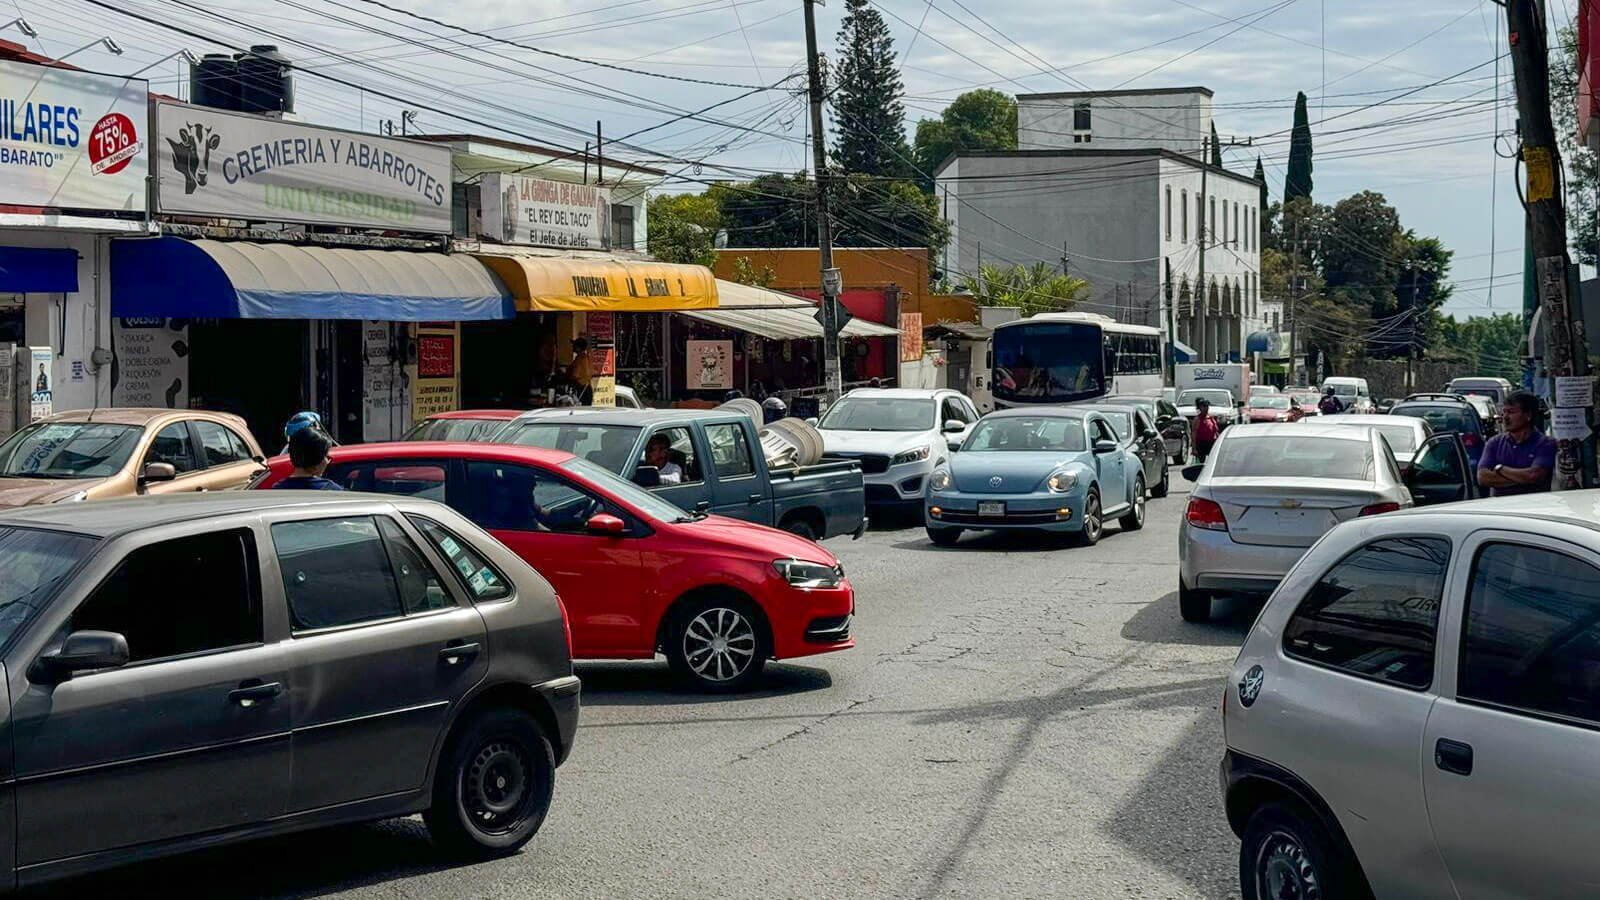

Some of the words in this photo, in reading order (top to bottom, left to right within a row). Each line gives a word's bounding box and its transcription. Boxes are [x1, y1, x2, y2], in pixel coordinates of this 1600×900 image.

[0, 98, 79, 148] ILARES
[97, 115, 118, 130] HASTA
[94, 121, 129, 158] 75%
[96, 161, 106, 171] DE
[109, 145, 136, 165] AHORRO
[222, 138, 327, 185] CREMERIA
[329, 138, 341, 164] Y
[345, 140, 445, 207] ABARROTES
[263, 183, 416, 222] UNIVERSIDAD
[521, 178, 530, 200] LA
[560, 184, 570, 205] DE
[539, 209, 554, 225] REY
[554, 210, 568, 226] DEL
[529, 229, 537, 243] El
[539, 230, 556, 245] Jefe
[557, 232, 568, 245] de
[569, 233, 589, 247] Jefes
[572, 275, 610, 297] TAQUERIA
[125, 335, 154, 343] OAXACA

### WHAT TO PRODUCE
Every line above should be returned exactly; the pictures stay out.

### YOUR SOLUTION
Some of the words in this photo, in reading order (top to bottom, left to right within a row). Each line gives a word's bounding box and its transcription. Boxes are [x1, y1, x2, y2], in pixel coordinates of this 1600×900 image.

[0, 98, 79, 148] ILARES
[97, 115, 118, 130] HASTA
[94, 121, 129, 158] 75%
[96, 161, 106, 171] DE
[109, 145, 136, 165] AHORRO
[222, 138, 327, 185] CREMERIA
[329, 138, 341, 164] Y
[345, 140, 445, 207] ABARROTES
[263, 183, 416, 222] UNIVERSIDAD
[521, 178, 530, 200] LA
[560, 184, 570, 205] DE
[539, 209, 554, 225] REY
[554, 210, 568, 226] DEL
[529, 229, 537, 243] El
[539, 230, 556, 245] Jefe
[557, 232, 568, 245] de
[569, 233, 589, 247] Jefes
[572, 275, 610, 297] TAQUERIA
[125, 335, 154, 343] OAXACA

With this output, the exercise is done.